• [WORK INSTRUCTION]
Your answer must be an exact copy of the records, with no pictures included.

(THE DATA begins)

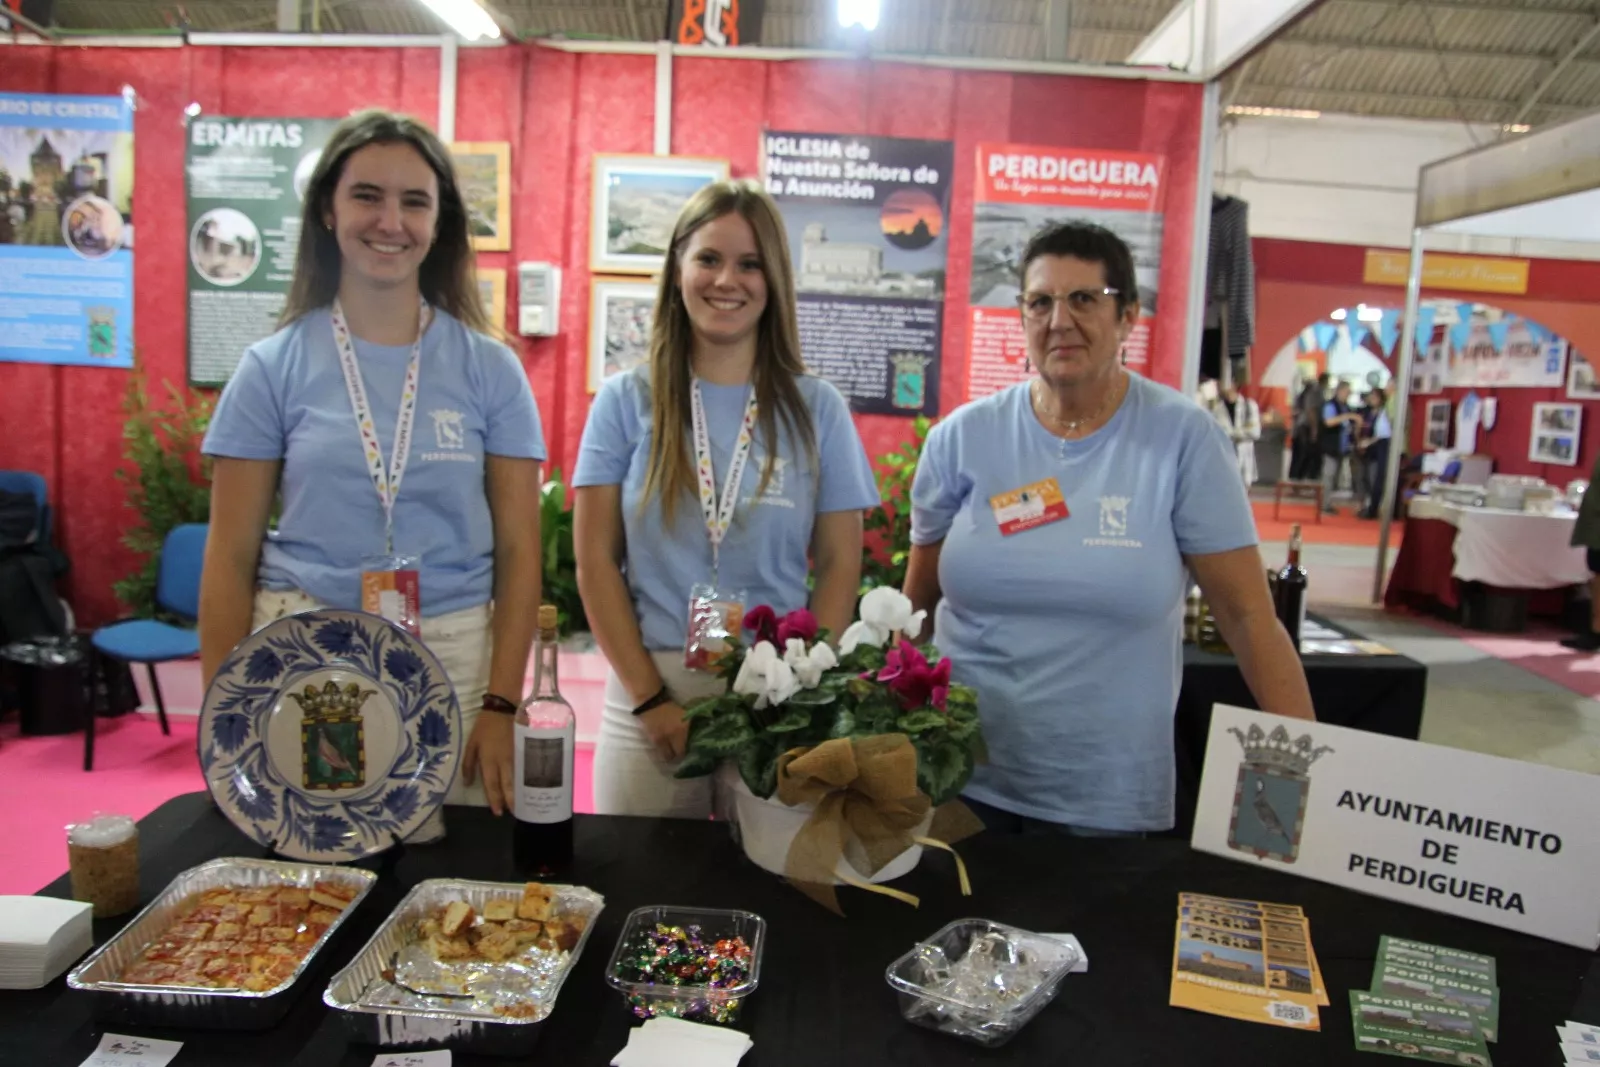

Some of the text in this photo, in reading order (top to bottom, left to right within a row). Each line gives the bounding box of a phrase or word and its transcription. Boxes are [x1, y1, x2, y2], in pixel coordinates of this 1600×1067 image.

[31, 101, 52, 116] DE
[54, 102, 120, 119] CRISTAL
[191, 121, 302, 148] ERMITAS
[766, 137, 870, 160] IGLESIA de
[766, 157, 939, 184] Nuestra Señora de
[989, 154, 1158, 187] PERDIGUERA
[785, 178, 875, 200] Asunción
[1082, 537, 1143, 549] PERDIGUERA
[1336, 790, 1562, 855] AYUNTAMIENTO
[1421, 839, 1459, 865] DE
[1348, 853, 1526, 915] PERDIGUERA
[1384, 966, 1492, 995] Perdiguera
[1358, 993, 1470, 1017] Perdiguera

(THE DATA ends)

• [RESULT OF THE TASK]
Some of the text in this photo, in reading order (top to bottom, left to right within a row). Each line gives the bounding box of a phrase or word and its transcription. Boxes are [x1, y1, x2, y2], in pixel coordinates of this 1600×1067 image.

[31, 101, 52, 116] DE
[54, 102, 120, 119] CRISTAL
[191, 121, 302, 148] ERMITAS
[766, 137, 870, 160] IGLESIA de
[766, 157, 939, 184] Nuestra Señora de
[989, 154, 1158, 187] PERDIGUERA
[785, 178, 875, 200] Asunción
[1082, 537, 1143, 549] PERDIGUERA
[1336, 790, 1562, 855] AYUNTAMIENTO
[1421, 839, 1459, 865] DE
[1348, 853, 1526, 915] PERDIGUERA
[1384, 966, 1492, 995] Perdiguera
[1358, 993, 1470, 1017] Perdiguera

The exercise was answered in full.